Bug, your daddy and I love you so much, and we cannot imagine our lives without you.  You have made life so rich.

Below are some pictures of our life with Bug:


"Bug" - 5 lbs 2 oz, right after delivery and "cleanup time" at the hospital - 5/19/06 - 11:45 PM

Very tired and drugged mama & daddy with tiny girl

5 days old - in our backyard at our first home - one of my favorite pics of us with our little girl, taken by our sweet neighbor Dave - we miss you Dave!

1 year old! - 2007

2 years old - ladybug birthday party - 2008 - I made ladybug cupcakes - so fun!

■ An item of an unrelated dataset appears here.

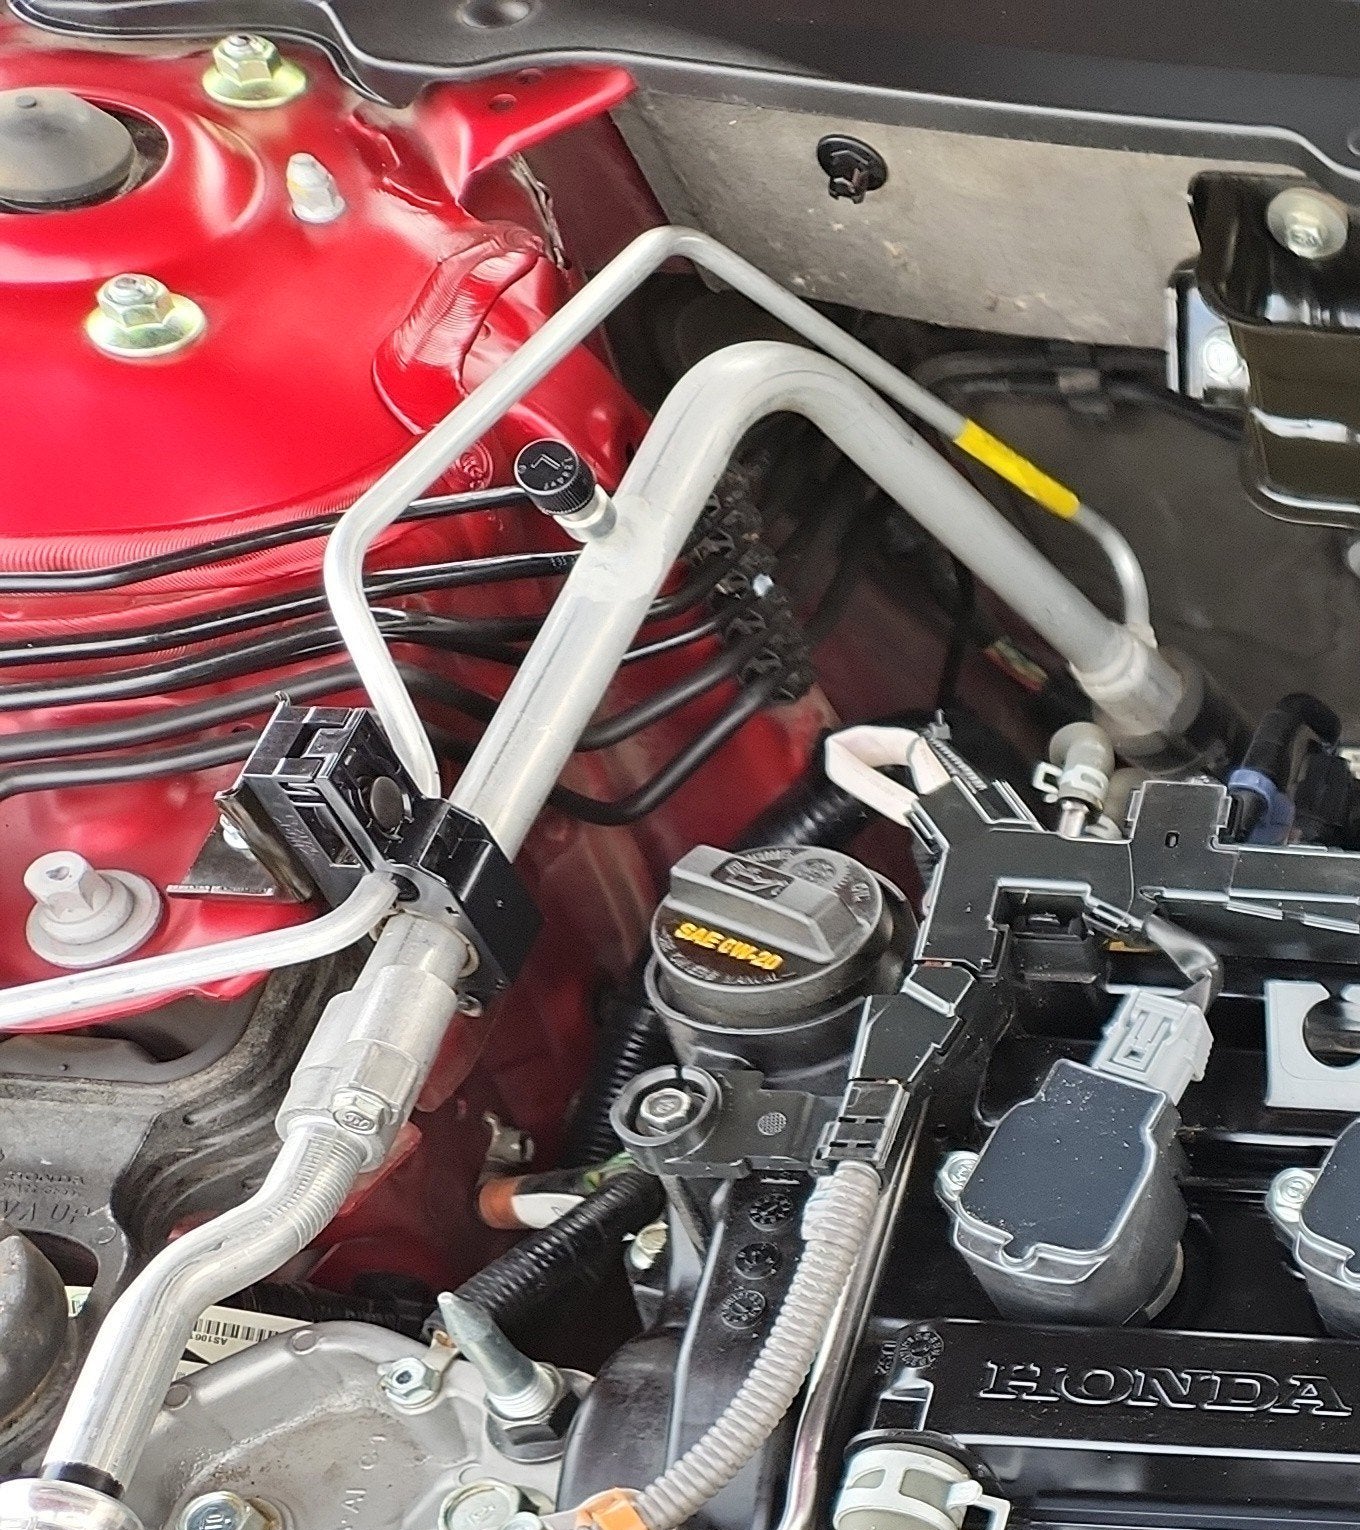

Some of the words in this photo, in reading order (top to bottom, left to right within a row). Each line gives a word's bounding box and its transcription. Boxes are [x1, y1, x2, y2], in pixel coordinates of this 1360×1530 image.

[674, 922, 725, 950] SAE
[189, 1331, 228, 1348] AS106
[979, 1361, 1353, 1416] HONDA

Bug & Buzz - 3 & 1 - 2009 - Dora party for Bug

4 years old - My Little Pony cake for Bug - 2010

2011 - May - 1st ballet - age 5 - she was a mouse -so cute!

The 3 Musketeers - wearing Auntie Dar's old wigs, before Bailey ate one of them...Spring 2011

CandyLand Birthday Party for the two kids - I made the cake and had SO much fun with it!
I also made a whole bunch of decorations for the party.  What a blast. 2011 - Bug, Age 5, Buzz,  Age 3

5 years old - riding Buzz' bicycle - 2011

6 years old - wearing her strawberry dress...the ones that I bought in duplicates for her and for her little sister Solveig.
  So glad I saved them rather than returning them.
May 2012


Happy Birthday to my sweet Bug!!!  LOVE YOU so much!  May God bless you in your life.
  And may you grow to love Him more and more each day.  You are a blessing.

Wednesday, May 16, 2012

Bug and Buzz

One of my classmates from college asked why I call my kids "Bug" and "Buzz" on the blog.  (Hello, "anonymous" classmate. :))  Well, the main reason is that I'm trying to protect their identity in the blog world as there are some cuckoo types out there who might do strange things if they knew my children's names...and this blog can be found out in cyberspace.  Bug and Buzz are the nicknames that our kids have taken on since they were just babies, and we actually call them that a lot of the time in our lives!  

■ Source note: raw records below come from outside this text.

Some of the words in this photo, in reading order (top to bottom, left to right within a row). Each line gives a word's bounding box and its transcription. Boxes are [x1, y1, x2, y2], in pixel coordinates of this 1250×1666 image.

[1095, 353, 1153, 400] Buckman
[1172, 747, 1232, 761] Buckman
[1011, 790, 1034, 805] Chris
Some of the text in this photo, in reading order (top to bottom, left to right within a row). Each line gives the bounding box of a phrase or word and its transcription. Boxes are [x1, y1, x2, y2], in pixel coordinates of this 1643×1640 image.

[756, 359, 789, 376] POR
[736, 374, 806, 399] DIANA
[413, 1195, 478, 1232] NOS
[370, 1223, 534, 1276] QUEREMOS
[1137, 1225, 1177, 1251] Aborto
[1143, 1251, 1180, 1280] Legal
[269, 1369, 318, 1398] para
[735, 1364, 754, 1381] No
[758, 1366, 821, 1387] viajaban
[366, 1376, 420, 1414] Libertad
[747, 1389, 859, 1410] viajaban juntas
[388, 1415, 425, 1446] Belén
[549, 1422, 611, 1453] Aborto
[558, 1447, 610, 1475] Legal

Our daughter "Bug" was so tiny when she was a baby, and I think we just gave her that name because of how small she was...like a bug.  I think it's cute!  Then when Buzz was just a few months old, I asked Bug if Buzz was her buddy, and she said, "No, he's just my Buzz!"  So that's where that name came from - our then two year old.  Very funny.  And honestly, the nickname suits his funny personality quite well.  

There you have it - Bug and Buzz!  They and their daddy are some of my favorite people in the whole wide world, and I love sharing life with them.

Summer 2011 - Buzz Age 3

Bug and her Daddy Erik, Summer 2011 - Bug Age 5

Tuesday, May 15, 2012

Mother's Day

I'm linking up with Tesha today.  If you're new, please go over to the sidebar and click on my recent posts or on the labels for stillbirth or Solveig if you want to read more about our sweet girl.  She was born still on 2/29/12 at 33.5 weeks gestation, 3 lbs. 11 oz and 18 in. long.  I still need to get some tabs or something at the top of my blog page for different subjects but don't know how to do it.  If you know how, would you please leave me a message?  Thank you so much.

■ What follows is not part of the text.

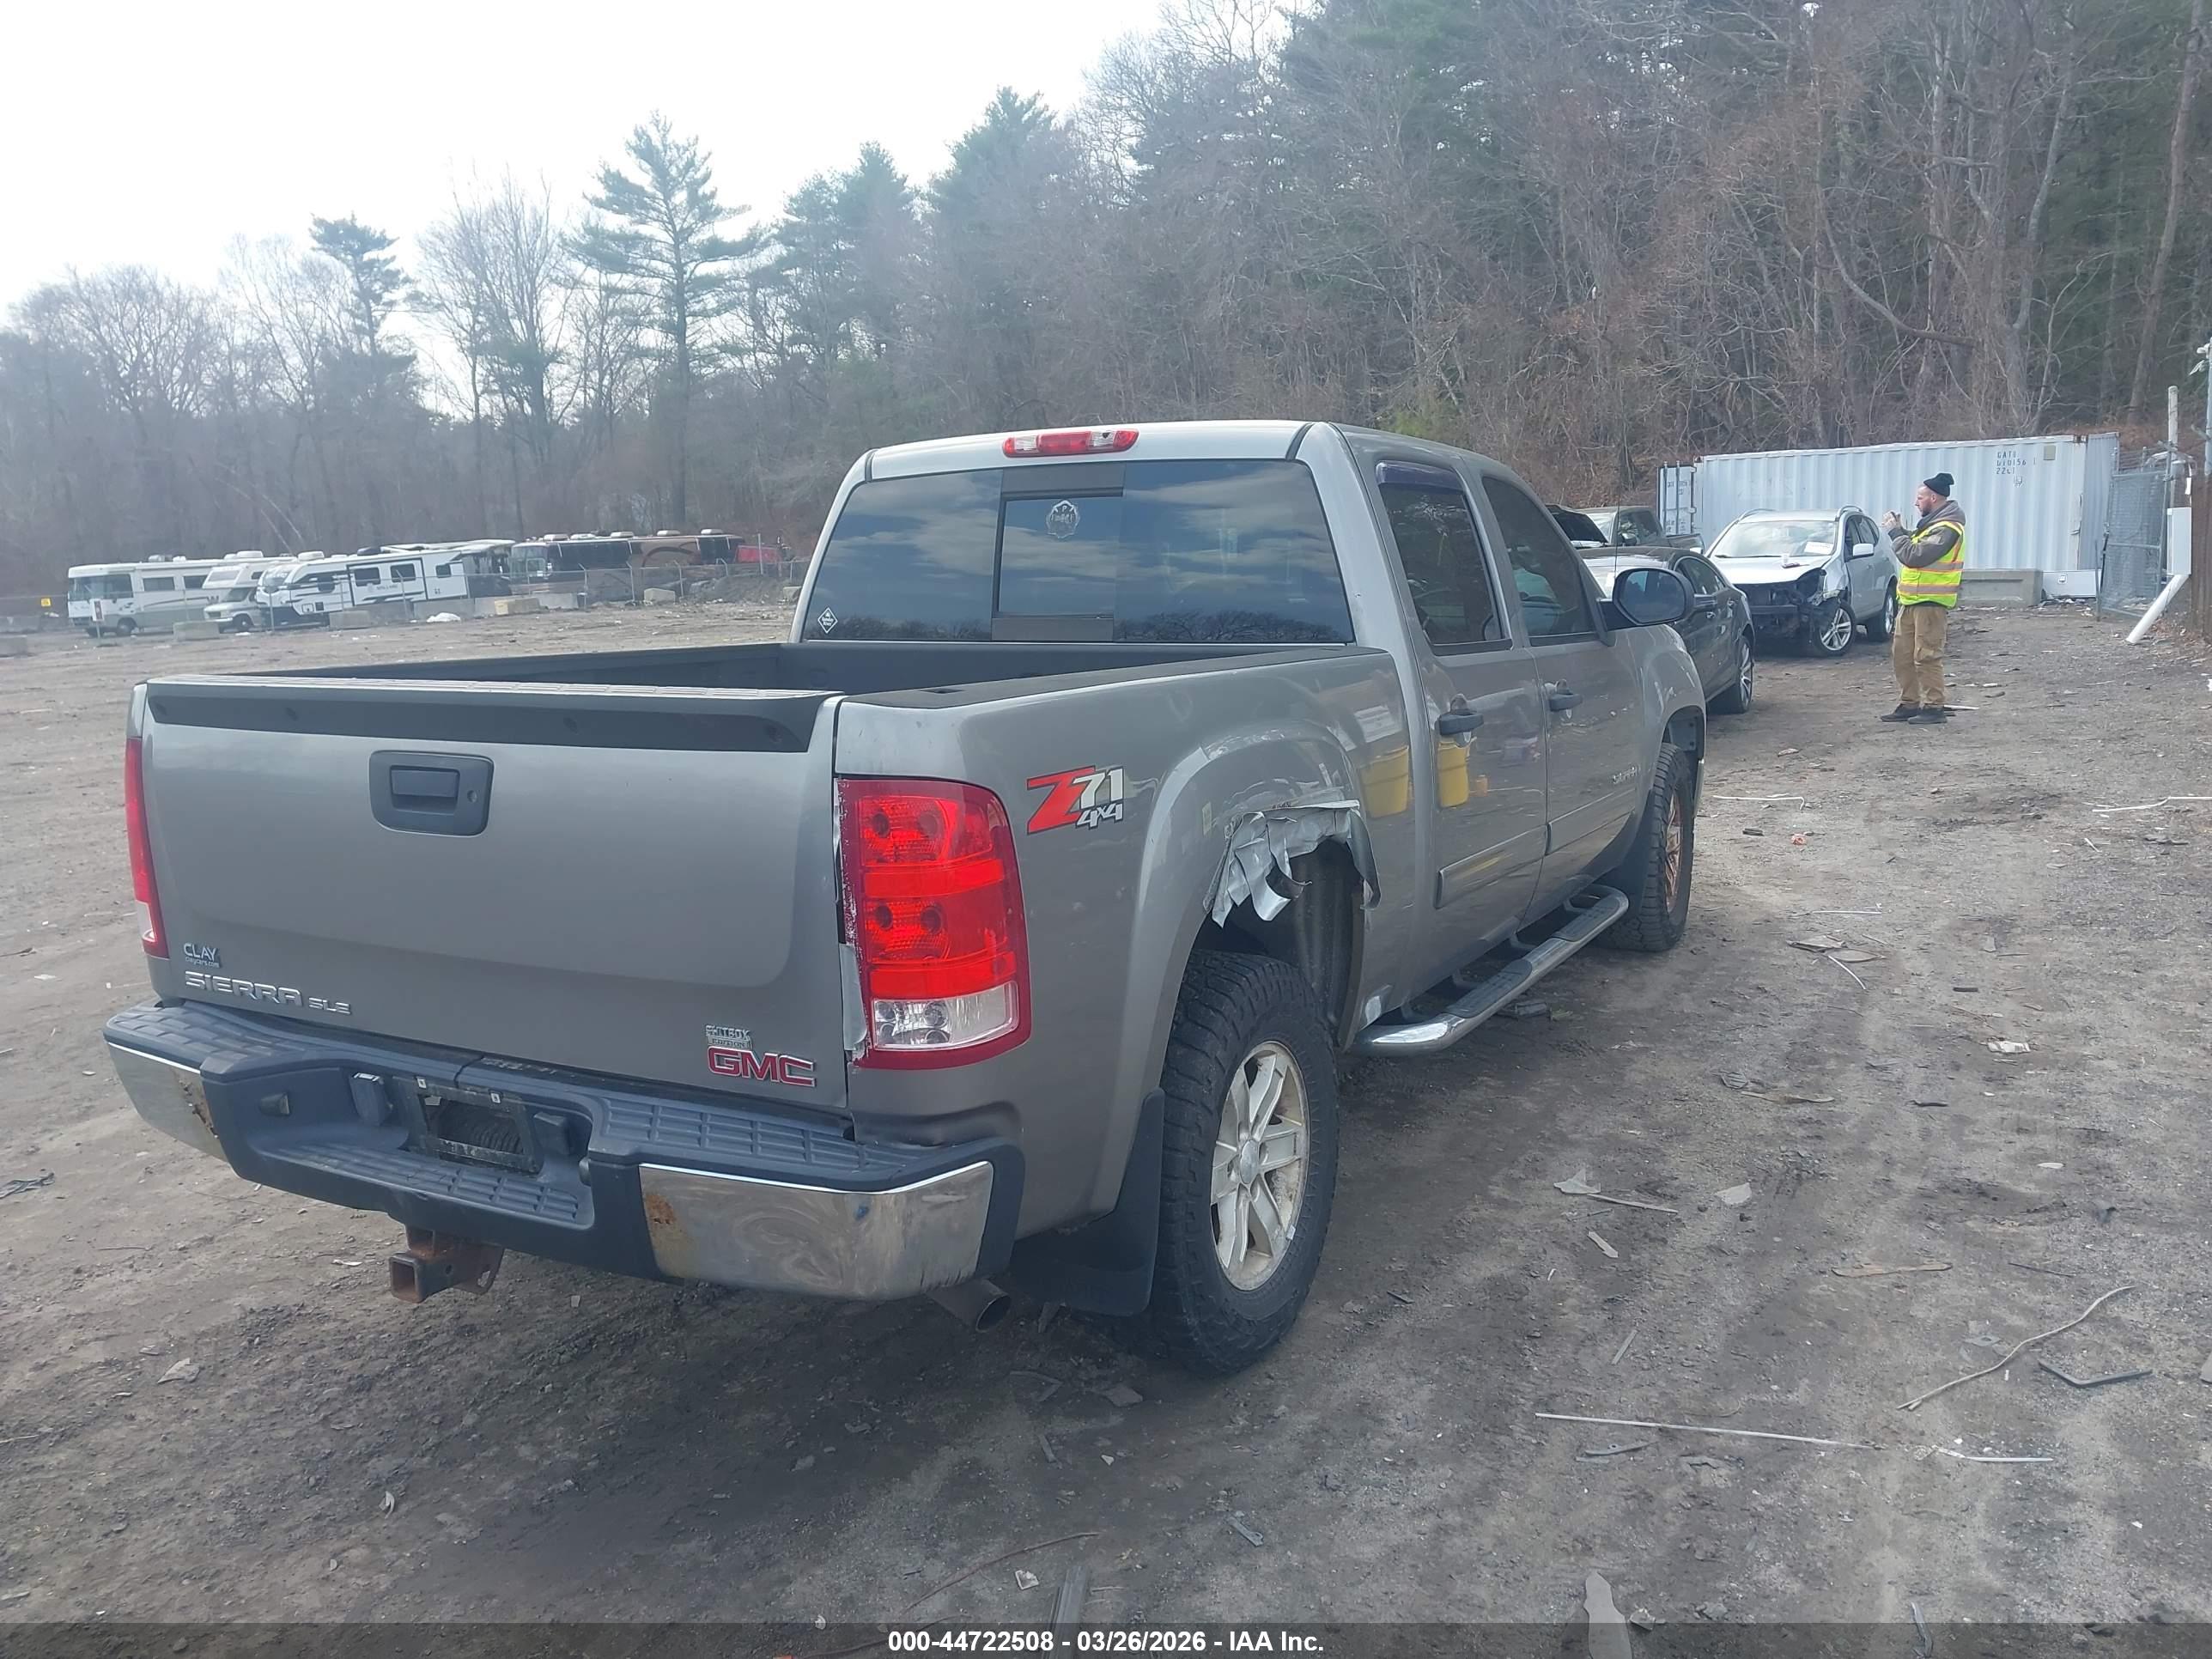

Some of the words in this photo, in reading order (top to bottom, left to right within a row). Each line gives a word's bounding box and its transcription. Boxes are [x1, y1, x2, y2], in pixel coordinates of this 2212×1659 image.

Mothers' Day was two days ago.  It was such a bittersweet day for me.  Sweet because I have two wonderful, adorable kids here on this earth...and bittersweet because I have three babies in Heaven waiting for me.  I wish I could have hugged those three and had them with us for Mother's Day.  I really miss my Solveig as she was the one that I held here on this earth...the one that I carried for 33.5 weeks until learning that she had died prematurely inside of me due to the umbilical cord wrapped around her and a knot in the cord.

One of my sweet friends named Mo prayed over mothers in our Sunday school class on Mother's Day.  She prayed for those of us who have lost babies or who have struggled with infertility or other issues.  She has such a kind, loving heart that seems to have more room than the average heart...and I admire her so very much.  Thank you Mo for your sensitivity to me during this time.  You're a beautiful woman of God and I appreciate you.

In all honesty, it was painful to be at church on Sunday without my littlest, newest baby in my arms.  I felt such a deep emptiness with her missing and yet such a fullness and appreciation for my two living children.  At times I think, "who am I to complain about not having my babies here?  For with me are two of the most beautiful creations I could ever imagine, and I'm incredibly grateful for them."  My gratitude for my little ones is not diminished by my grief, but my grief and loss is ever present and it is not just going to go away today or tomorrow or in another month or year.  I imagine I will feel this pain for a long time.  But I will also find joy amidst the pain, because He does that for me...the Lord also gives me joy.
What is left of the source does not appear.